* [Problem description]:
The copy you produce must hold every record exactly, and none of the images.

* [Task material]:
BEGIN
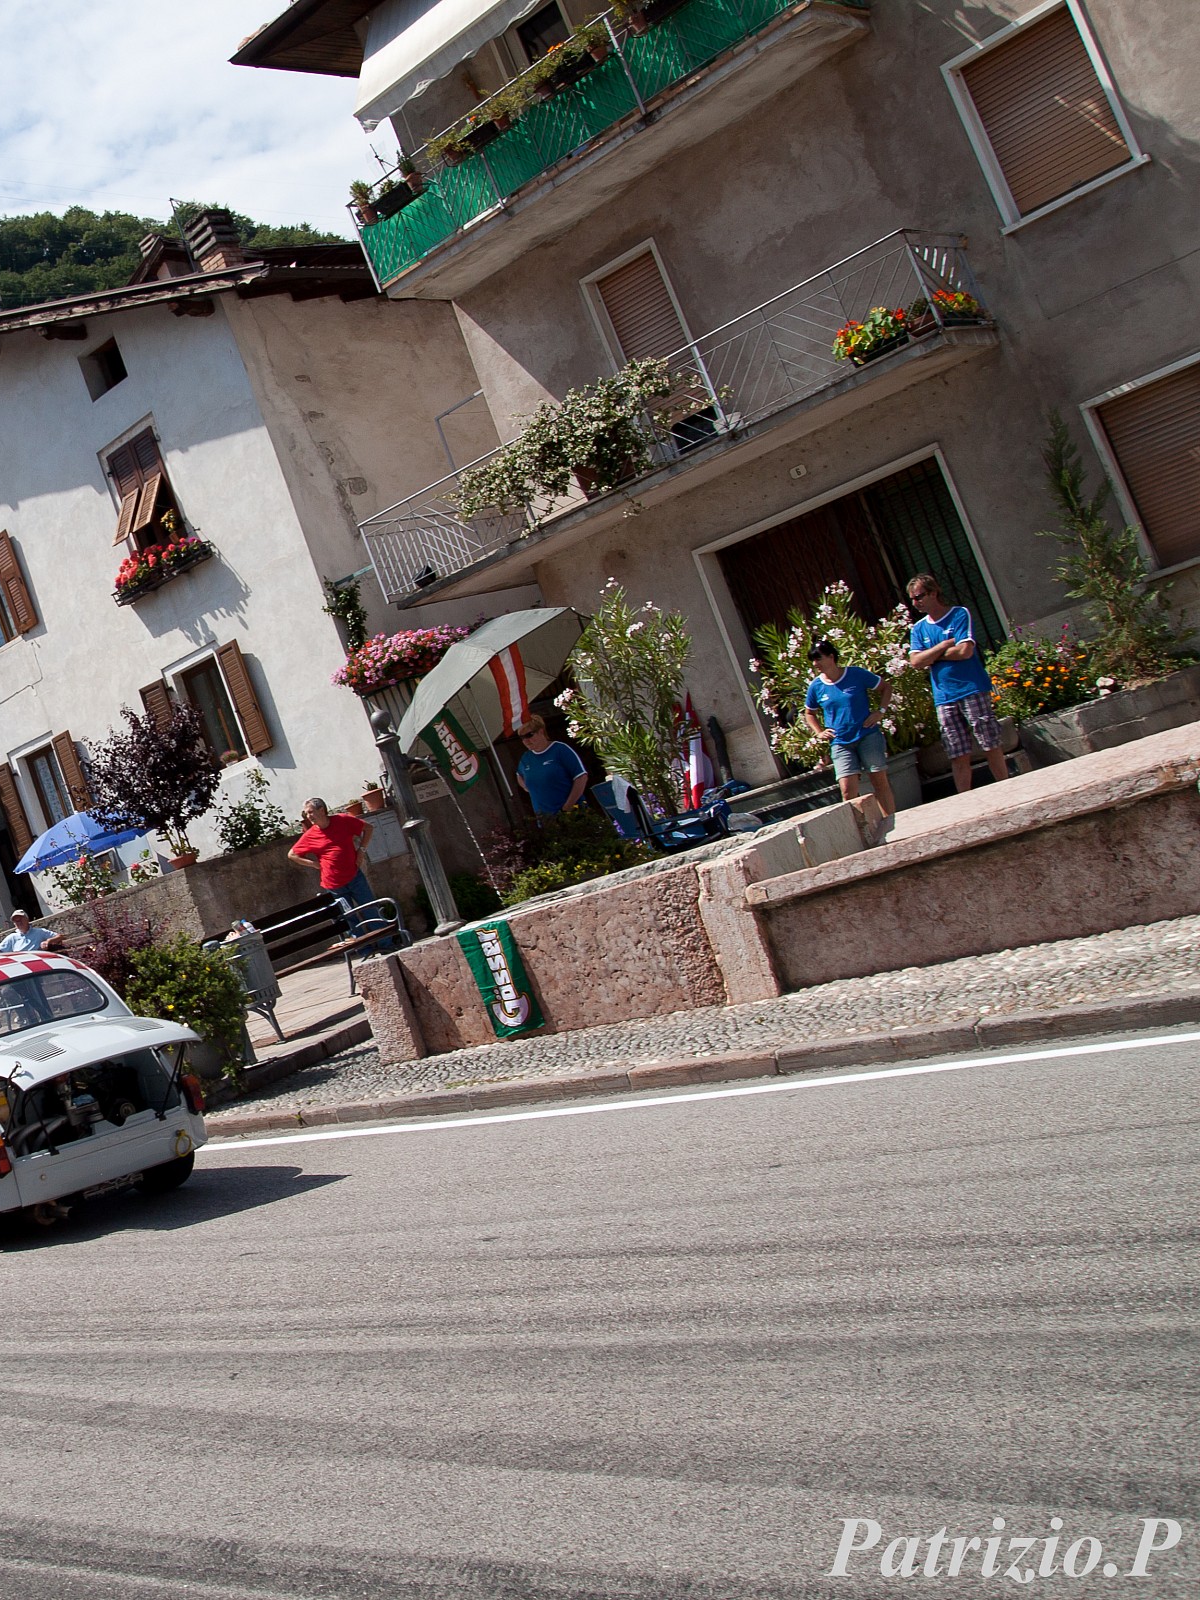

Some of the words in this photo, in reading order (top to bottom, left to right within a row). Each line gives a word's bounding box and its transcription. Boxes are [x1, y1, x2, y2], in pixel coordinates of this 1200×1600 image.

[795, 467, 802, 476] 6
[433, 718, 480, 783] Gösser
[475, 927, 532, 1028] Gösser
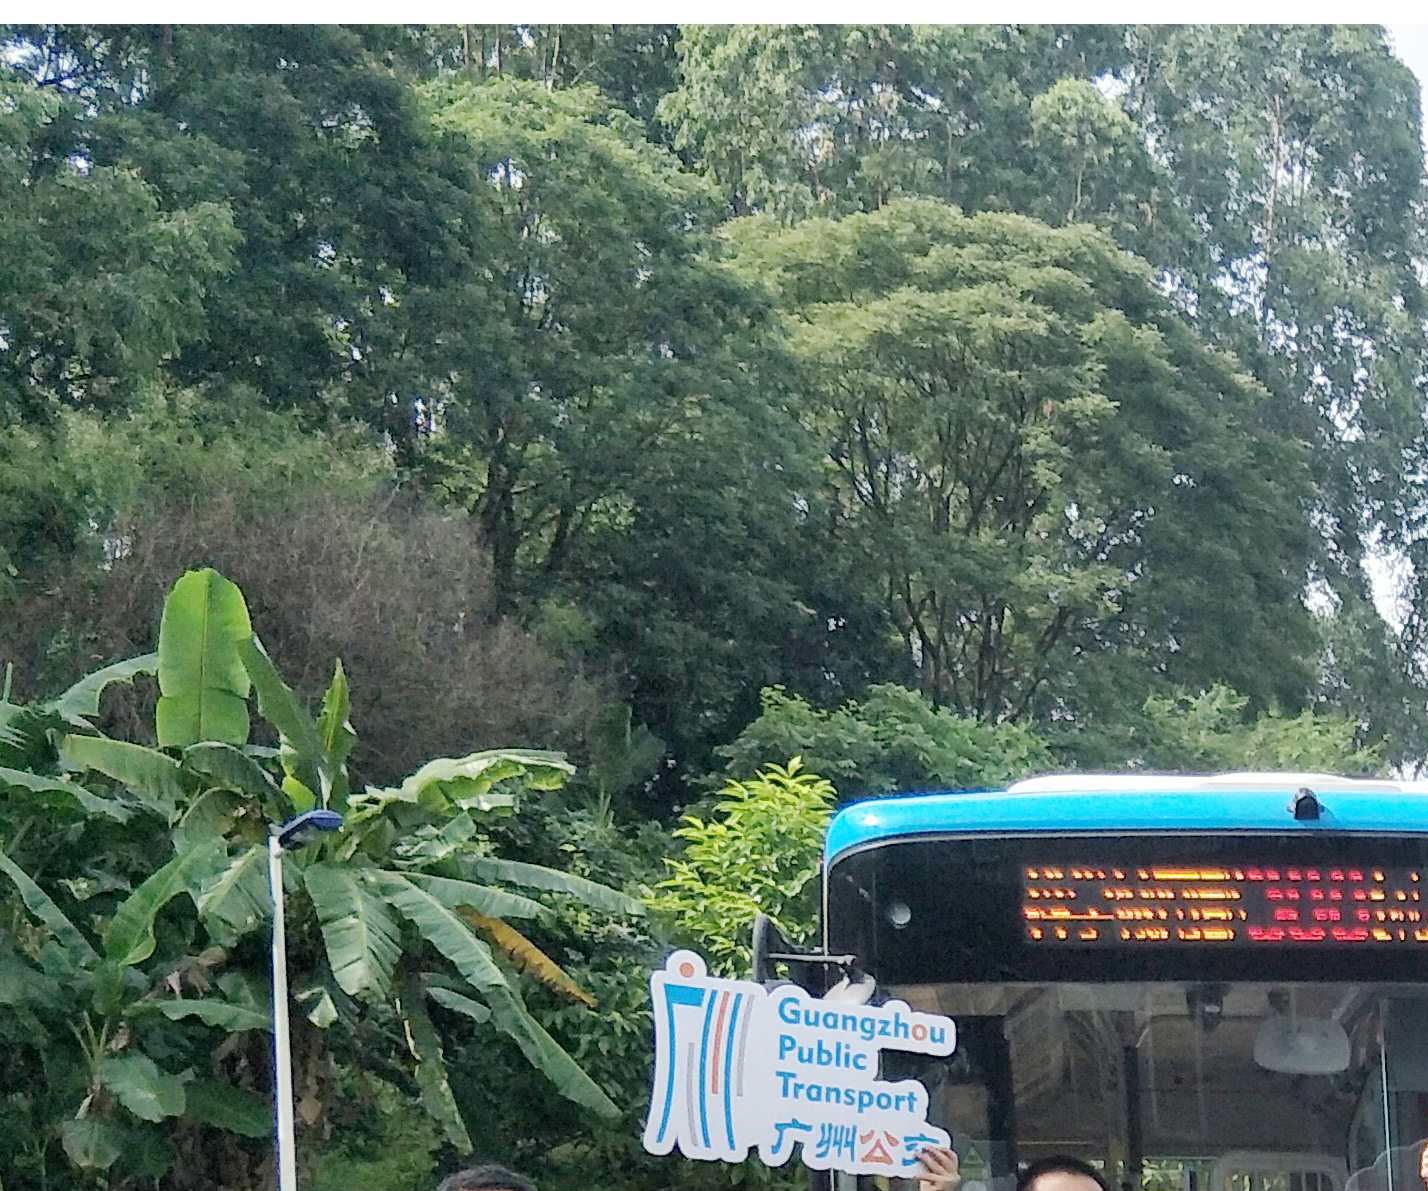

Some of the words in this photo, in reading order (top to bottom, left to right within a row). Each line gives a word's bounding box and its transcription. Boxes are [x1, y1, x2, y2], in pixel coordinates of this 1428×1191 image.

[778, 997, 946, 1044] Guangzhou
[778, 1034, 867, 1071] Public
[775, 1071, 918, 1114] Transport
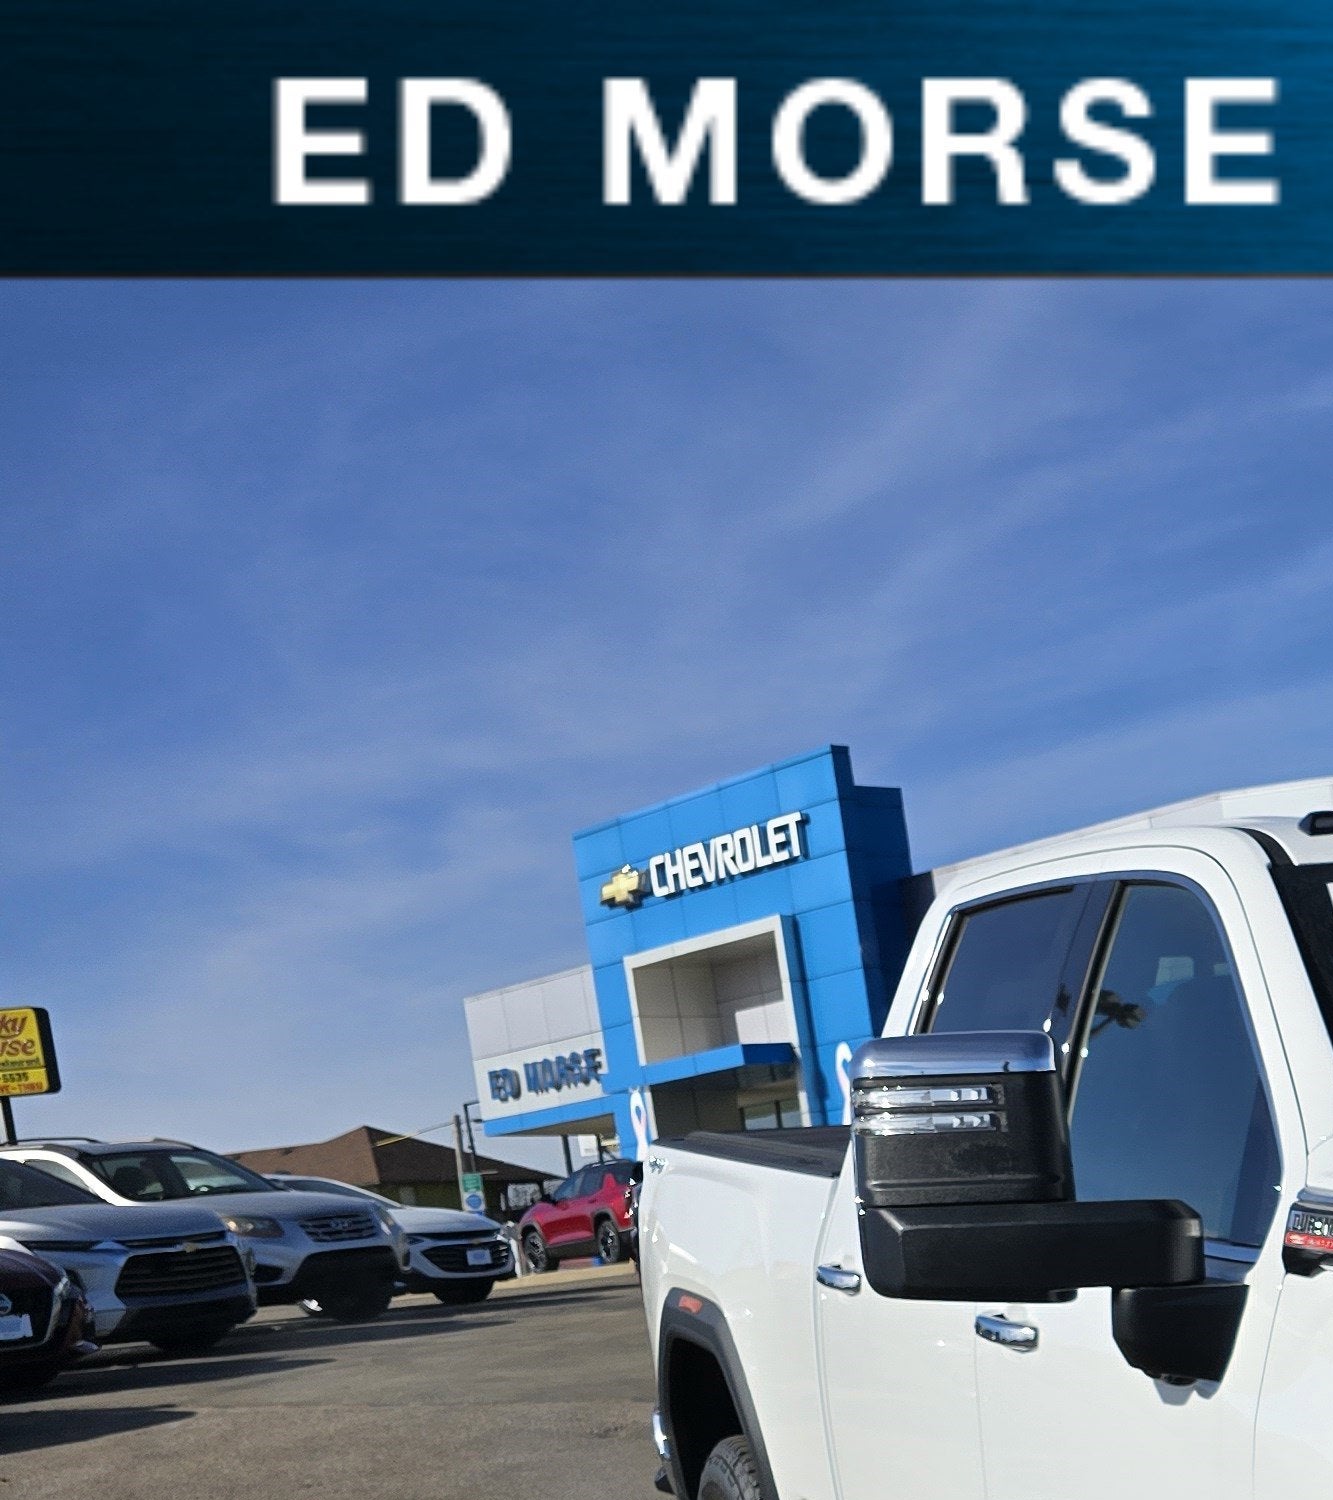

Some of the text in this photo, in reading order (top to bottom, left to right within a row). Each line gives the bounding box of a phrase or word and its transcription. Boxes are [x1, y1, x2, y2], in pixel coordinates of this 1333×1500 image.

[649, 811, 803, 898] CHEVROLET
[488, 1048, 602, 1101] ED MORSE
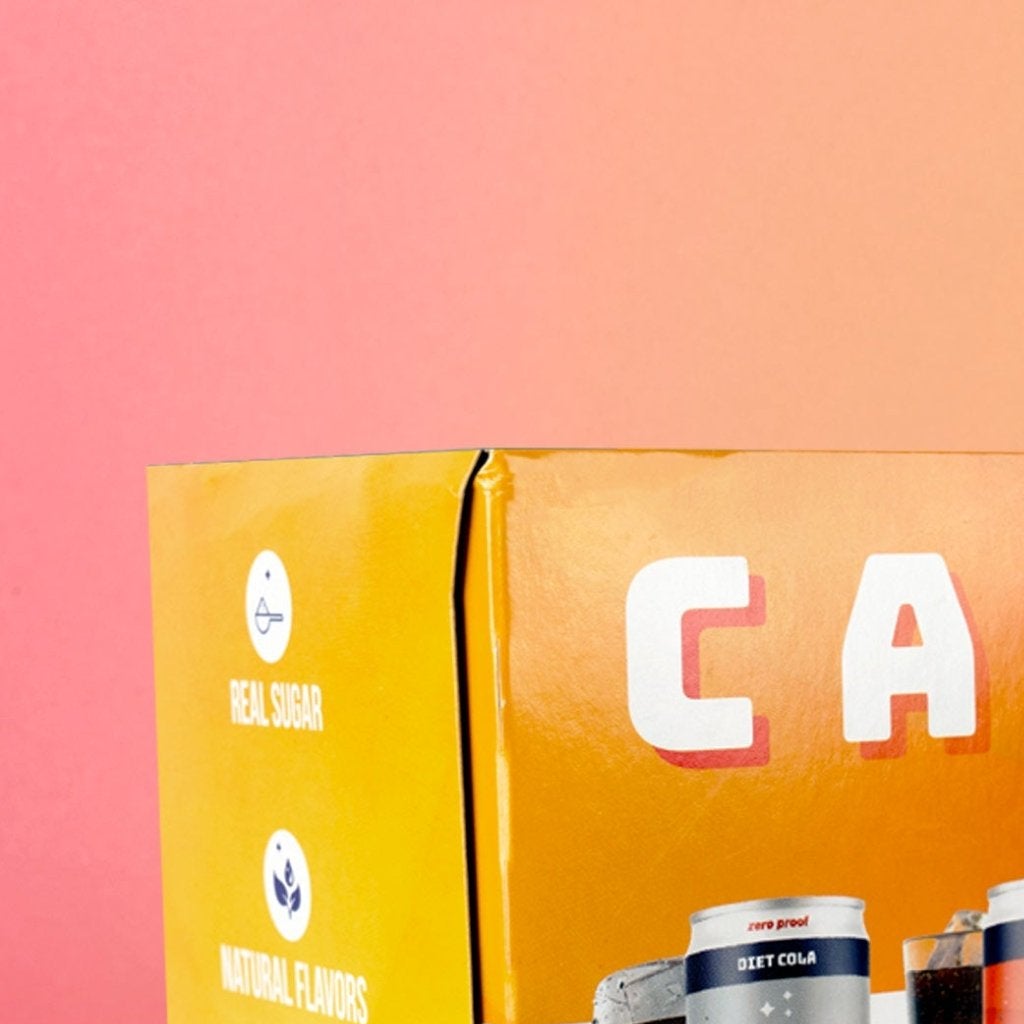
END
* [Result of this exercise]:
Some of the words in this photo, in reading order (top to bottom, left to right within a row). Each line gives a word's bounding box and its transcription. Boxes are [x1, y1, x2, y2], in pixel coordinates of this 1200×1600 image.

[795, 467, 802, 476] 6
[433, 718, 480, 783] Gösser
[475, 927, 532, 1028] Gösser

Some of the words in this photo, in reading order (top to bottom, left to right within a row). Each line gives a word's bounding box and its transcription. Boxes are [x1, y1, x2, y2], in pixel coordinates of this 1428×1191 image.

[778, 997, 946, 1044] Guangzhou
[778, 1034, 867, 1071] Public
[775, 1071, 918, 1114] Transport

Some of the text in this photo, in reading order (top to bottom, left to right within a row). Each line gives the bounding box of a phrase or word and its transcription. Boxes are [x1, y1, x2, y2], in pixel coordinates of this 1333×1500 image.

[649, 811, 803, 898] CHEVROLET
[488, 1048, 602, 1101] ED MORSE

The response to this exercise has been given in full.